Despite his trials, Frank kept his sense of humour. Often, we’d sit together at lunchtime with our bowls of soup and there would be long, companionable silences. But at other times he’d come out with wry, random memories. One of my favourites was of being a sergeant major in Rangoon at the end of the war. The officers would disappear into their office at nine in the morning and he would then be responsible for eighty soldiers in the raging heat. “If I let them go,” he said, “then they’d go straight to the brothels and get syphilis.” So he marched them up and down for as long as he dared before they all started passing out. It was a fine balance and he never did explain how he resolved it. There are many things that we’ll now never know. He told me in a recent lucid moment that when he was about seven he would go by bus from Walsall to Birmingham with his mother on Saturday mornings. She took him to see a doctor every week for months but he couldn’t remember why.
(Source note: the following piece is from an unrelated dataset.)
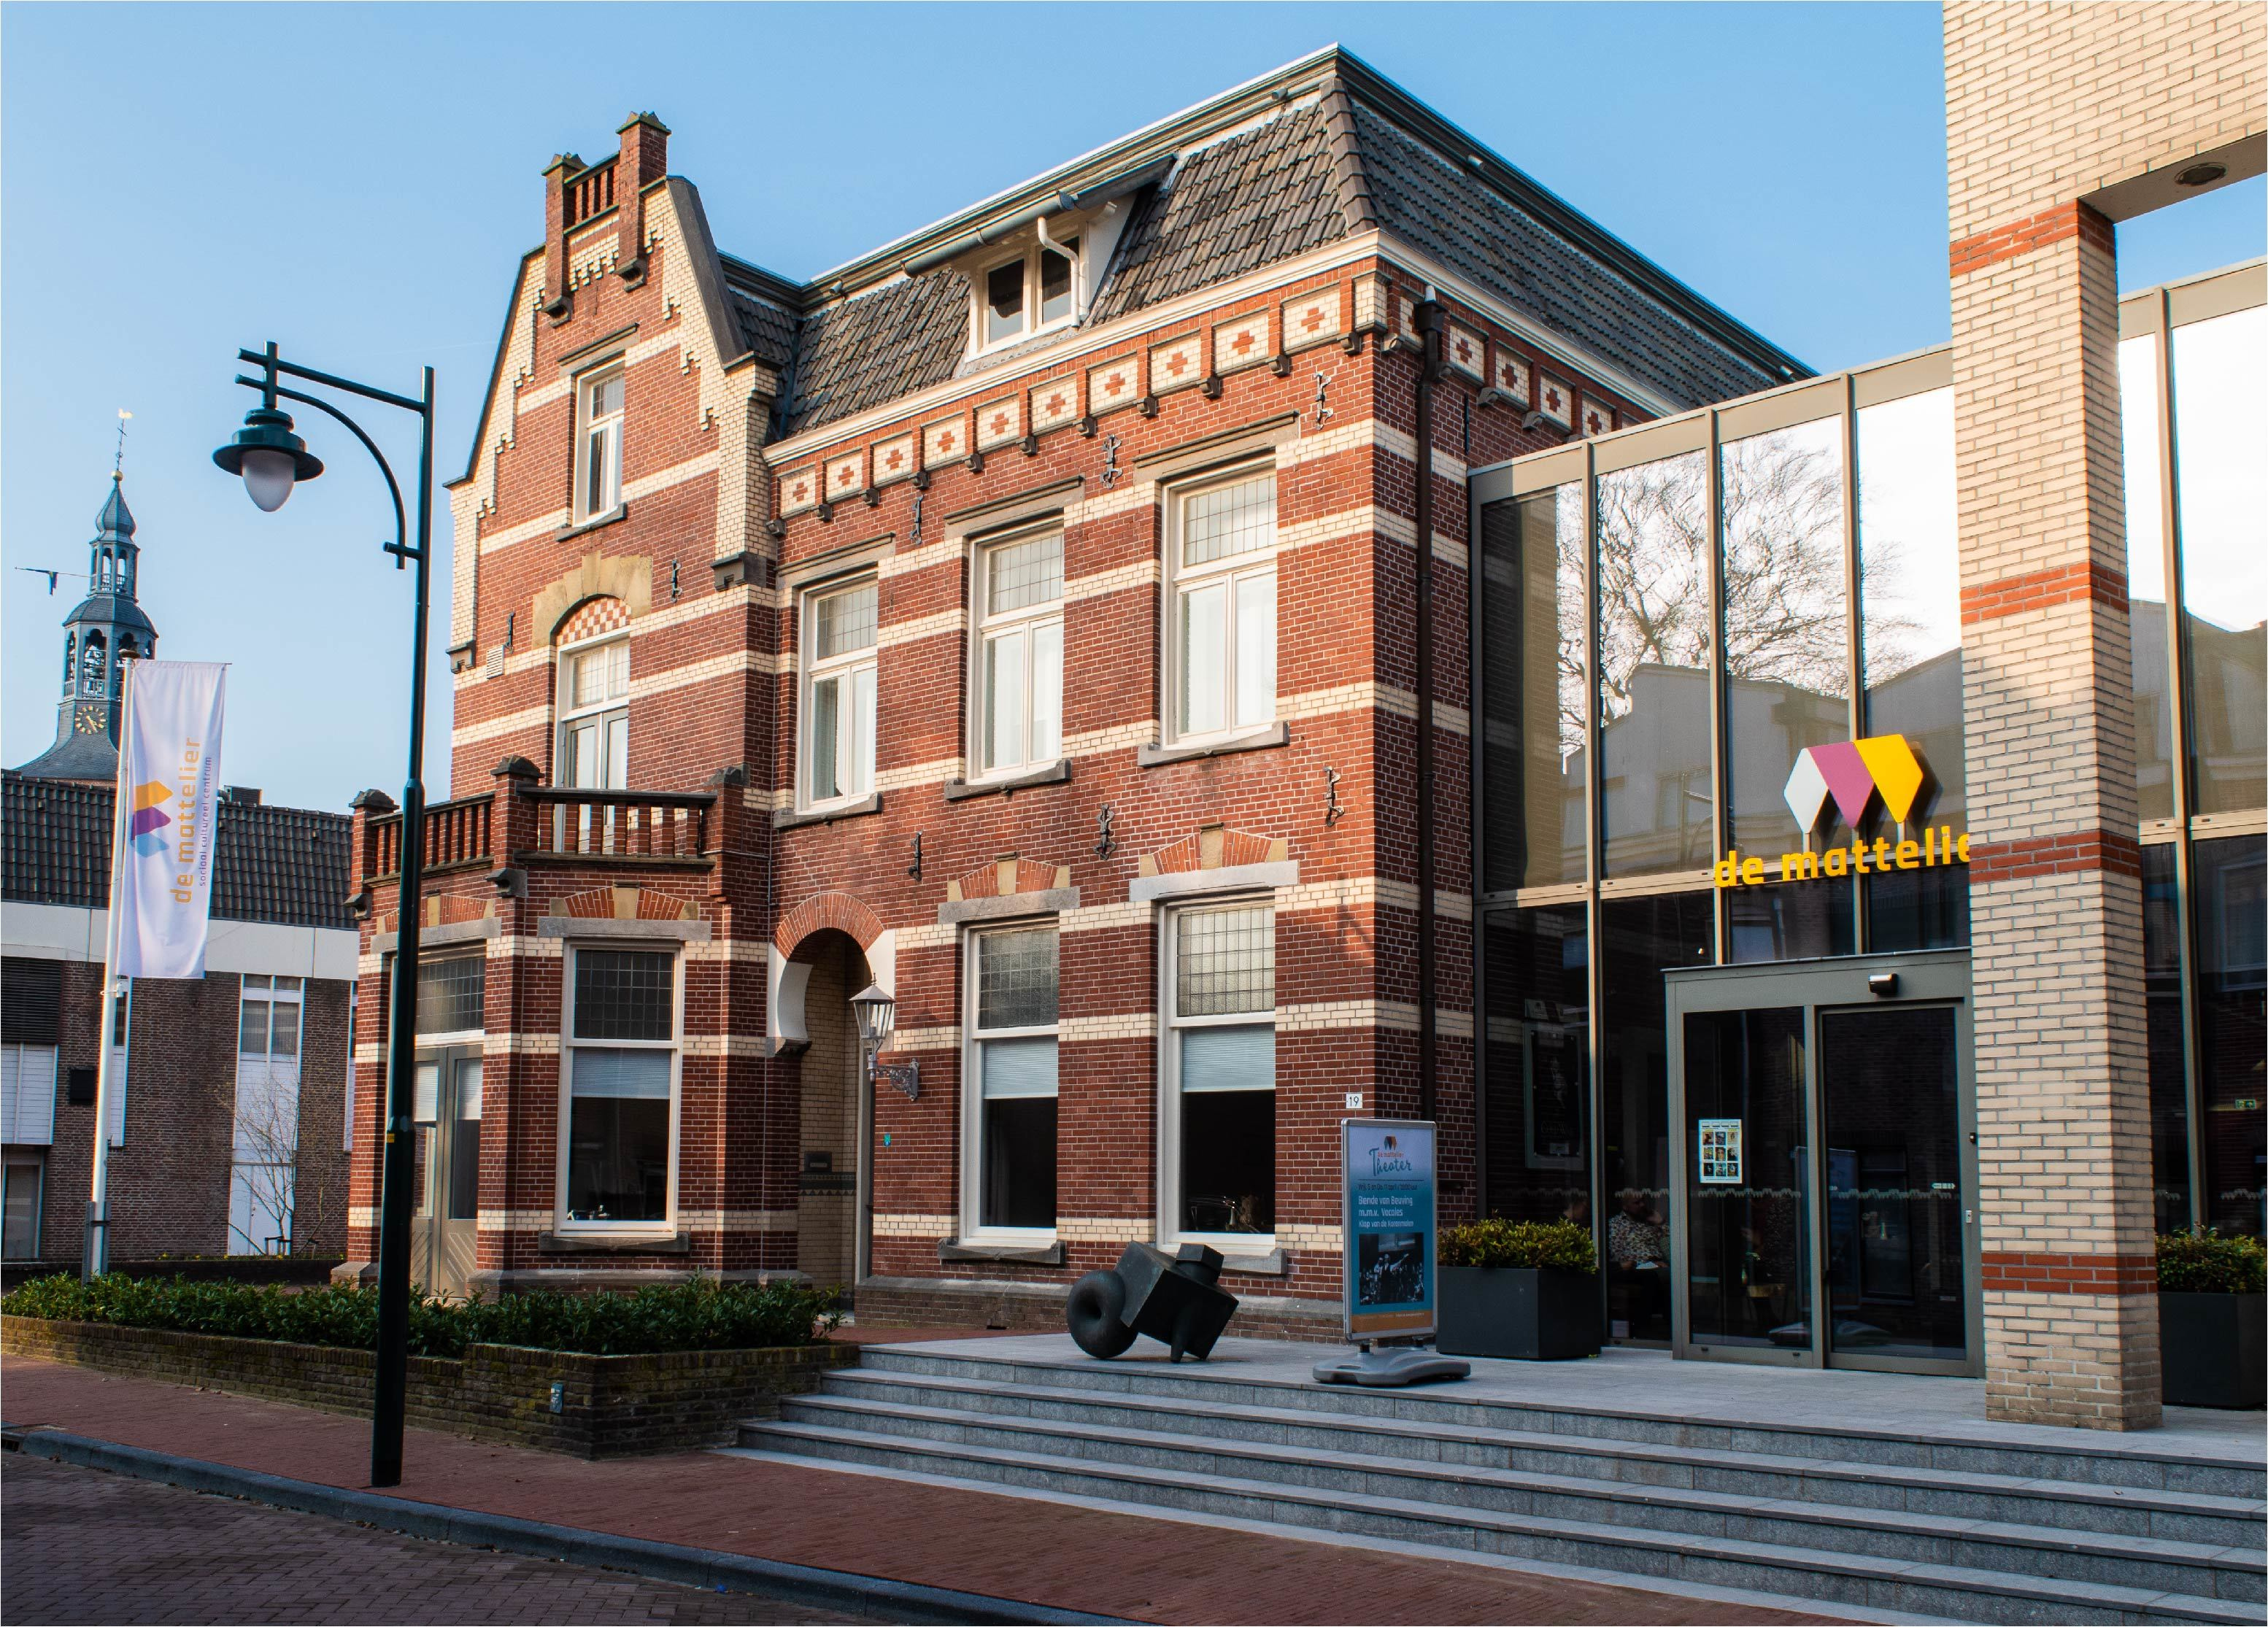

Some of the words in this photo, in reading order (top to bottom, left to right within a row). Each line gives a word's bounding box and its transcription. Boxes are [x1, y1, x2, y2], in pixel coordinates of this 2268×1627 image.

All kinds of childhood memories would pop up and even the mundane details revealed a different world. It had never occurred to me to wonder what people did before they had dustbins. But Frank remembered people piling their rubbish up and then contacting the council who would send round a couple of men with wheelbarrows. They’d load up the rubbish, wheel it down the alley and put it into a cart.

frank and sue

Sue’s visit from Australia

One of the difficult things about these past few years with Frank was realising that we simply could not solve his problems. We did what we could to help, but in the final year  he was in a lot of distress and repeatedly said that he wanted to die. It was very hard for him. Hard too for his children overseas—Sue and Barry in Australia, and John in South Africa. Sometimes the confusion could be positive, though. About a month ago, he had his ninety-seventh birthday but kept telling everyone, ‘I’m a hundred, today.’ After a few attempts at correcting him we realised that there was no point. He’d forget what we said anyway, and if he wanted to celebrate being a centenarian then that was just fine with us. I’m so glad now that he was able to have his ‘hundredth’ birthday.

frank birthday

One of the many things I value, is that he rekindled my interest in poetry. Despite a lifelong love of words, I’ve been put off poetry by the obsequious tones in Radio 4’s ‘Poetry Please’. Frank, however, could recite reams of verse right up to the final weeks of his life. And he did it beautifully, with no hint of obsequiousness. ‘Cargoes’ by John Masefield, ‘The Vicar of Bray’, and many others were all delivered in his lovely voice, laying bare the sensitivity locked into an old man’s body. That’s a memory I will treasure and the poem that he loved above all others is ‘Trees’ by Joyce Kilmer:

I think that I shall never see

A poem lovely as a tree.

A tree whose hungry mouth is prest

Against the earth’s sweet flowing breast;

A tree that looks at God all day,

And lifts her leafy arms to pray;

A tree that may in Summer wear

A nest of robins in her hair;

Upon whose bosom snow has lain;

Who intimately lives with rain.

Poems are made by fools like me,

But only God can make a tree.

You were no fool, Frank, though you certainly weren’t averse to a bit of silliness. I know, too, that you weren’t a religious man. But you did say that if anything could convince you that there’s a God, then it would be the sight of a magnificent tree. Wherever you are now, then I wish you peace after your long life, and am grateful for the time we spent together. Thank you too for letting me share your ‘hundredth’ birthday cake.